Financial Health and Stability

Dover isn’t just a dividend stock—it’s also a fundamentally strong company.

  • Revenue Growth: Over the past year, revenue totaled $7.75 billion, with a 1.3% year-over-year increase in the most recent quarter. Growth isn’t explosive, but it’s steady.
  • Profitability: The company has a profit margin of 34.82% and an operating margin of 17.41%, both solid numbers for an industrial firm.
  • Return on Equity (ROE): At 23.22%, Dover’s ROE shows strong profitability and efficient use of capital.

While it may not be a high-growth stock, Dover maintains stable financials that make it a reliable dividend payer.

Valuation and Stock Performance

Dover’s stock price is currently at $185.64, down from its 52-week high of $222.31. While the stock has performed well over the long run, recent movements have been more volatile.

Looking at its valuation:

📌 Trailing P/E: 18.44 – reasonable for an industrial leader
📌 Forward P/E: 19.80 – slightly above its historical range
📌 PEG Ratio (5-year expected): 2.34 – suggests the stock may be fairly valued
📌 Price-to-Book: 3.67 – slightly higher than usual

At these levels, the stock isn’t particularly cheap, but it’s not overpriced either.

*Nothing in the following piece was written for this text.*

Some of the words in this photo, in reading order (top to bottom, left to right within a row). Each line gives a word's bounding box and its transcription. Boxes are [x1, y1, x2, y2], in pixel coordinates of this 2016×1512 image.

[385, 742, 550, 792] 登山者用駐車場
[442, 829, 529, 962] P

Investors looking for a better entry point might consider waiting for a pullback closer to the $175 range, which would make the dividend yield a bit more attractive.

Risks and Considerations

Every stock carries some level of risk, and Dover is no exception.

⚠️ Economic Sensitivity: As an industrial company, Dover’s business depends on economic cycles. During recessions, demand for its products can slow down, potentially impacting revenue.

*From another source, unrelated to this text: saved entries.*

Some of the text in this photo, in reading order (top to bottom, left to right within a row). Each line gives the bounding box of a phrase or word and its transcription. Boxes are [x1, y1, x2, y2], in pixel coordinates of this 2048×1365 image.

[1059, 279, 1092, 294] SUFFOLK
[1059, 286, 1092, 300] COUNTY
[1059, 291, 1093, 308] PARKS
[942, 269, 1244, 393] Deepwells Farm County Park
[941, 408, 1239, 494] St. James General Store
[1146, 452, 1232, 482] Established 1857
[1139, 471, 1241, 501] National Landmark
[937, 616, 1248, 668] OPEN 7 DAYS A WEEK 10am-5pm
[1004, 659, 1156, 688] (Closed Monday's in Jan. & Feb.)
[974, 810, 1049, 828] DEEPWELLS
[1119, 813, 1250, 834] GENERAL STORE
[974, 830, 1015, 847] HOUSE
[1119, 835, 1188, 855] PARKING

⚠️ Interest Rates and Debt: With a debt-to-equity ratio of 45.49%, Dover’s balance sheet is solid but not immune to rising interest rates. Higher borrowing costs could impact future profitability.

⚠️ Slower Dividend Growth: Recent dividend increases have been small, with the latest at just 1.3%. For investors looking for aggressive dividend growth, this could be a drawback.

⚠️ Competitive Landscape: Dover competes with industrial giants like Emerson Electric and Parker Hannifin. Increased competition or market shifts could pressure earnings over time.

Final Thoughts

Dover Corporation is one of the most reliable dividend stocks out there, with an incredible 68-year track record of dividend increases. It has strong cash flow, a low payout ratio, and financial stability that ensures dividends remain secure.

That said, the current yield isn’t particularly high, and the dividend growth rate has slowed in recent years. Investors who prioritize dividend safety and long-term reliability will likely find Dover appealing. However, those looking for higher yields or faster-growing dividends may want to explore other options.

For long-term investors, Dover remains a steady, well-run industrial company with a dependable payout history. The stock isn’t at a bargain price right now, but if it pulls back to around $175, it could be a more attractive opportunity for those looking to add a strong dividend stock to their portfolio.